### What you need to do
Retype every record that follows, character for character.

### Task data
*** Block opens ***

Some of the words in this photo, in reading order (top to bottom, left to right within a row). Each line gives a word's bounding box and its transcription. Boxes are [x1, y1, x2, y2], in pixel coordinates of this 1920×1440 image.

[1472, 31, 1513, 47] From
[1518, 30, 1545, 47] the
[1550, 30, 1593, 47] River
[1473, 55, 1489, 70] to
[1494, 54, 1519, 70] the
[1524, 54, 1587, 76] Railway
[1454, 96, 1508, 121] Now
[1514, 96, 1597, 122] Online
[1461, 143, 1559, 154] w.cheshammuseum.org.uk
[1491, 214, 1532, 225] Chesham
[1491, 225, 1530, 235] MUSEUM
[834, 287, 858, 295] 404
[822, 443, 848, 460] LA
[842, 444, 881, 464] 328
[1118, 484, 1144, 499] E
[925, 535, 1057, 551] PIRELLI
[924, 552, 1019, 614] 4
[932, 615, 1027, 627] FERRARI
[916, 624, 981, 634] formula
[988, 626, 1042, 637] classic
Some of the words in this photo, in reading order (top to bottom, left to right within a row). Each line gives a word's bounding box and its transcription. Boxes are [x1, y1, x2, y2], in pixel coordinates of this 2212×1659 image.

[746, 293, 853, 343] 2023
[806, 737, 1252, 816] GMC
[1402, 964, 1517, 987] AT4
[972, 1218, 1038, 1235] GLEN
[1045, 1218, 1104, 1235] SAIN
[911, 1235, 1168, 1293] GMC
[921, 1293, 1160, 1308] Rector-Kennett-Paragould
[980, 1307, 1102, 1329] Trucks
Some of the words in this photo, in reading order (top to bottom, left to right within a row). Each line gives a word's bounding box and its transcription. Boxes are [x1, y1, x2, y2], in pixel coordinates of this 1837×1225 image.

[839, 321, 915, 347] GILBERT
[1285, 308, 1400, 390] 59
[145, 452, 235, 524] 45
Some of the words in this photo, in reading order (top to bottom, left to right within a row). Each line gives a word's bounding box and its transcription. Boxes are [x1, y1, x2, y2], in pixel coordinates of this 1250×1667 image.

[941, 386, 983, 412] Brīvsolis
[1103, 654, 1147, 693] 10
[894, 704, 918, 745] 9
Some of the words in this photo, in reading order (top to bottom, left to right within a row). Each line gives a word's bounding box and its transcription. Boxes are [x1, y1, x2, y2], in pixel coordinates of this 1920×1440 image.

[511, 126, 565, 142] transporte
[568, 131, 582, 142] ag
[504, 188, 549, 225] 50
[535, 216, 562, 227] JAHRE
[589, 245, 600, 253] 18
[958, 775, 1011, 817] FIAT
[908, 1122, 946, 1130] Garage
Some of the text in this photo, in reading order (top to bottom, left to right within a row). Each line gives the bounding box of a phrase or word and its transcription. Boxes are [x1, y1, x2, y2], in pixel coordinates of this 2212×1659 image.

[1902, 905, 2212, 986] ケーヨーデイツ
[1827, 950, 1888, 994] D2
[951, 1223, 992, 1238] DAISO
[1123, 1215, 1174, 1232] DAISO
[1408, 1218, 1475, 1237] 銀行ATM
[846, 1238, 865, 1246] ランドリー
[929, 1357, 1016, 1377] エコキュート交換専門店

*** Block closes ***

### Answer below
Some of the words in this photo, in reading order (top to bottom, left to right within a row). Each line gives a word's bounding box and its transcription. Boxes are [x1, y1, x2, y2], in pixel coordinates of this 1920×1440 image.

[1472, 31, 1513, 47] From
[1518, 30, 1545, 47] the
[1550, 30, 1593, 47] River
[1473, 55, 1489, 70] to
[1494, 54, 1519, 70] the
[1524, 54, 1587, 76] Railway
[1454, 96, 1508, 121] Now
[1514, 96, 1597, 122] Online
[1461, 143, 1559, 154] w.cheshammuseum.org.uk
[1491, 214, 1532, 225] Chesham
[1491, 225, 1530, 235] MUSEUM
[834, 287, 858, 295] 404
[822, 443, 848, 460] LA
[842, 444, 881, 464] 328
[1118, 484, 1144, 499] E
[925, 535, 1057, 551] PIRELLI
[924, 552, 1019, 614] 4
[932, 615, 1027, 627] FERRARI
[916, 624, 981, 634] formula
[988, 626, 1042, 637] classic
Some of the words in this photo, in reading order (top to bottom, left to right within a row). Each line gives a word's bounding box and its transcription. Boxes are [x1, y1, x2, y2], in pixel coordinates of this 2212×1659 image.

[746, 293, 853, 343] 2023
[806, 737, 1252, 816] GMC
[1402, 964, 1517, 987] AT4
[972, 1218, 1038, 1235] GLEN
[1045, 1218, 1104, 1235] SAIN
[911, 1235, 1168, 1293] GMC
[921, 1293, 1160, 1308] Rector-Kennett-Paragould
[980, 1307, 1102, 1329] Trucks
Some of the words in this photo, in reading order (top to bottom, left to right within a row). Each line gives a word's bounding box and its transcription. Boxes are [x1, y1, x2, y2], in pixel coordinates of this 1837×1225 image.

[839, 321, 915, 347] GILBERT
[1285, 308, 1400, 390] 59
[145, 452, 235, 524] 45
Some of the words in this photo, in reading order (top to bottom, left to right within a row). Each line gives a word's bounding box and its transcription. Boxes are [x1, y1, x2, y2], in pixel coordinates of this 1250×1667 image.

[941, 386, 983, 412] Brīvsolis
[1103, 654, 1147, 693] 10
[894, 704, 918, 745] 9
Some of the words in this photo, in reading order (top to bottom, left to right within a row). Each line gives a word's bounding box and its transcription. Boxes are [x1, y1, x2, y2], in pixel coordinates of this 1920×1440 image.

[511, 126, 565, 142] transporte
[568, 131, 582, 142] ag
[504, 188, 549, 225] 50
[535, 216, 562, 227] JAHRE
[589, 245, 600, 253] 18
[958, 775, 1011, 817] FIAT
[908, 1122, 946, 1130] Garage
Some of the text in this photo, in reading order (top to bottom, left to right within a row). Each line gives the bounding box of a phrase or word and its transcription. Boxes are [x1, y1, x2, y2], in pixel coordinates of this 2212×1659 image.

[1902, 905, 2212, 986] ケーヨーデイツ
[1827, 950, 1888, 994] D2
[951, 1223, 992, 1238] DAISO
[1123, 1215, 1174, 1232] DAISO
[1408, 1218, 1475, 1237] 銀行ATM
[846, 1238, 865, 1246] ランドリー
[929, 1357, 1016, 1377] エコキュート交換専門店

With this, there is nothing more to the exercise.